Learn application of differential equation using newton’s law of cooling differential equation, compound interest & falling Body Problem.

# Practical Application of Differential Equation ( Newton's Law )

• Newton's law of cooling says that time rate of change of temperature of a body is proportional to temperature difference between the body and its surrounding medium.

$$\dfrac{dT}{dt} = k \;(T_m - T)$$

where k > 0, T is the temperature of body at any instance 't' , Tm is the temperature of surrounding.
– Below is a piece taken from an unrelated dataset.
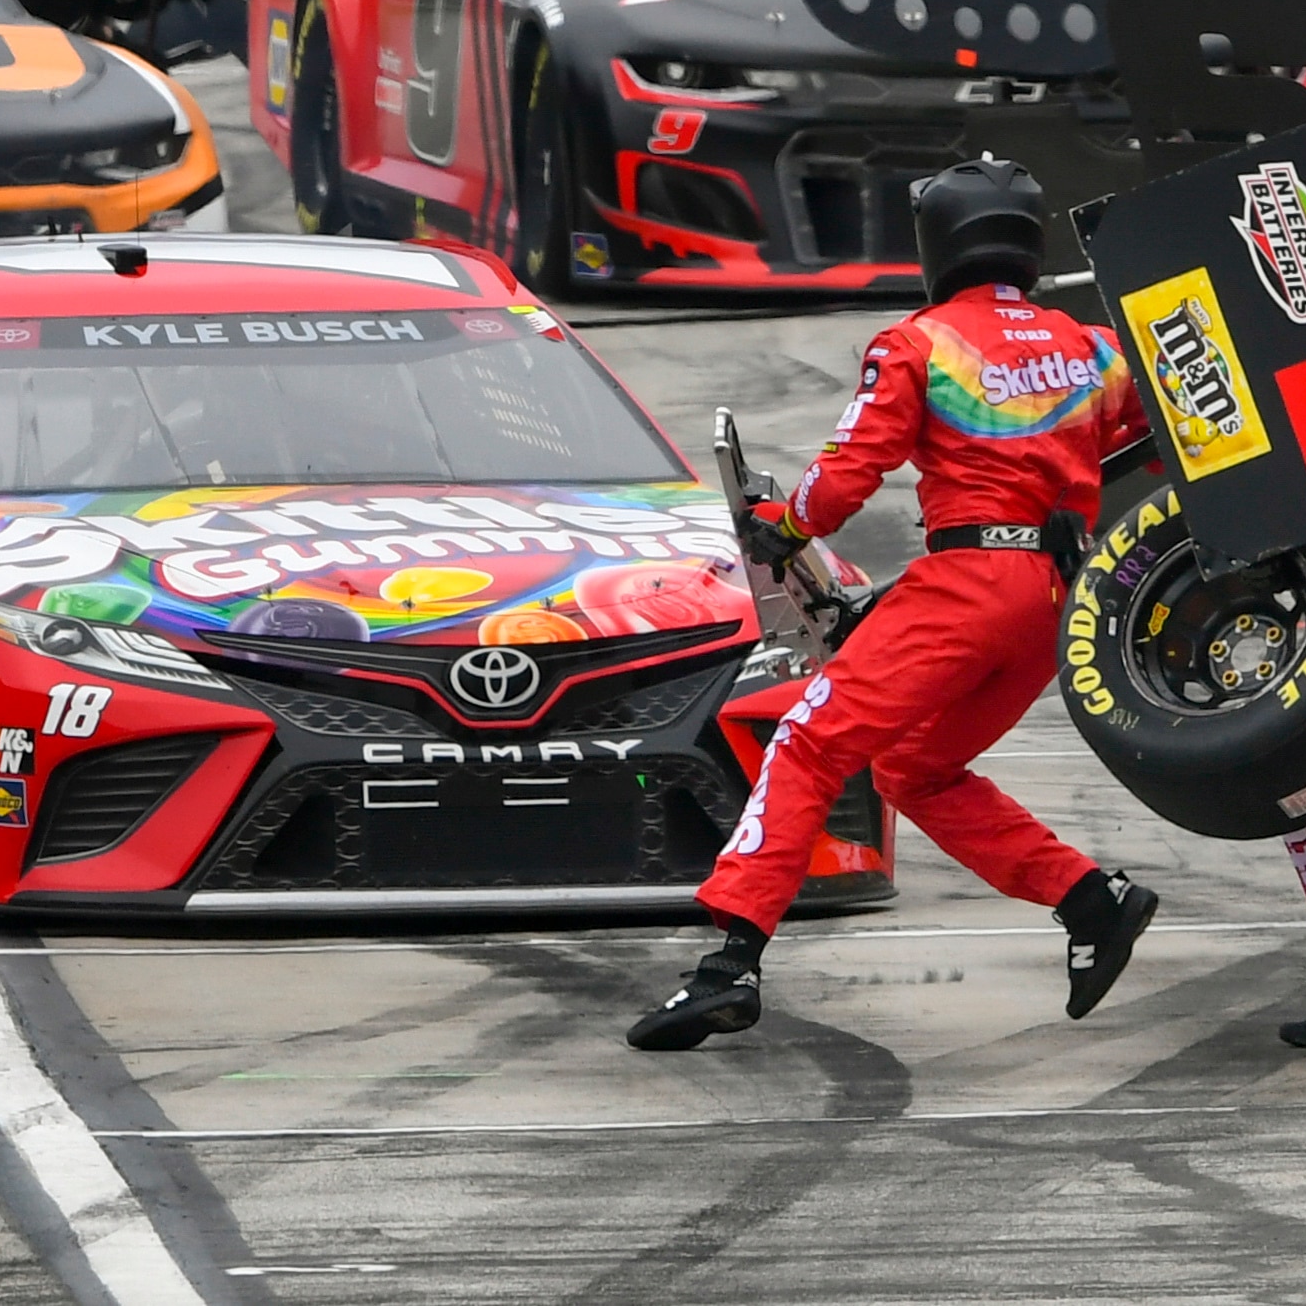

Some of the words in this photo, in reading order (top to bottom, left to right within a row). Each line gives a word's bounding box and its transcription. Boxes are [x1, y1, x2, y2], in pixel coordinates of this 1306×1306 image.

#### A metal bar at a temperature of 100° F is placed in a room at a constant temperature of 0° F. If after 20 minutes the temperature of the bar is 50° F, find the time it will take the bar to reach 25° F.  [ $$ln\dfrac{1}{4}=-1.3862$$ ]

A 53.2 min

B 40.8 min

C 39.6 min

D 28.2 min

×

According to Newton's law of cooling

$$\dfrac{dT}{dt} = k \;(T_m - T)$$

In this case, $$Tm = 0$$

$$\therefore\;\dfrac{dT}{dt} = - kT$$

$$\Rightarrow \dfrac{dT}{T} = - k dt$$

Integrate both sides

$$ln \;T = - k\; t + C$$

Now $$T = 100$$ where $$t = 0 \Rightarrow C = ln \;100$$

$$\therefore l n \; T = - k \;t + ln \;100 \Rightarrow T = 100 \;e^{-k\; t}$$

$$T(20) = 50 \; \Rightarrow 50 = 100 \; e^{-20 \; k}$$

$$\Rightarrow k = - \dfrac{1}{20} \; ln \; \dfrac{1}{2}=0.035$$

$$\Rightarrow T = 100 \; e^{-0.035 \; t}$$

$$T(t)=25$$$$\Rightarrow25 = 100 \; e ^{-.035 t}\;$$

$$\Rightarrow - .035 \; t = ln \dfrac{1}{4}$$

$$\Rightarrow \; t = \dfrac{ln\; 1/4}{-.035} = 39.6 \; min$$

### A metal bar at a temperature of 100° F is placed in a room at a constant temperature of 0° F. If after 20 minutes the temperature of the bar is 50° F, find the time it will take the bar to reach 25° F.  [ $$ln\dfrac{1}{4}=-1.3862$$ ]

A

53.2 min

.

B

40.8 min

C

39.6 min

D

28.2 min

Option C is Correct

# Application of Differential Equation (Falling Body Problem)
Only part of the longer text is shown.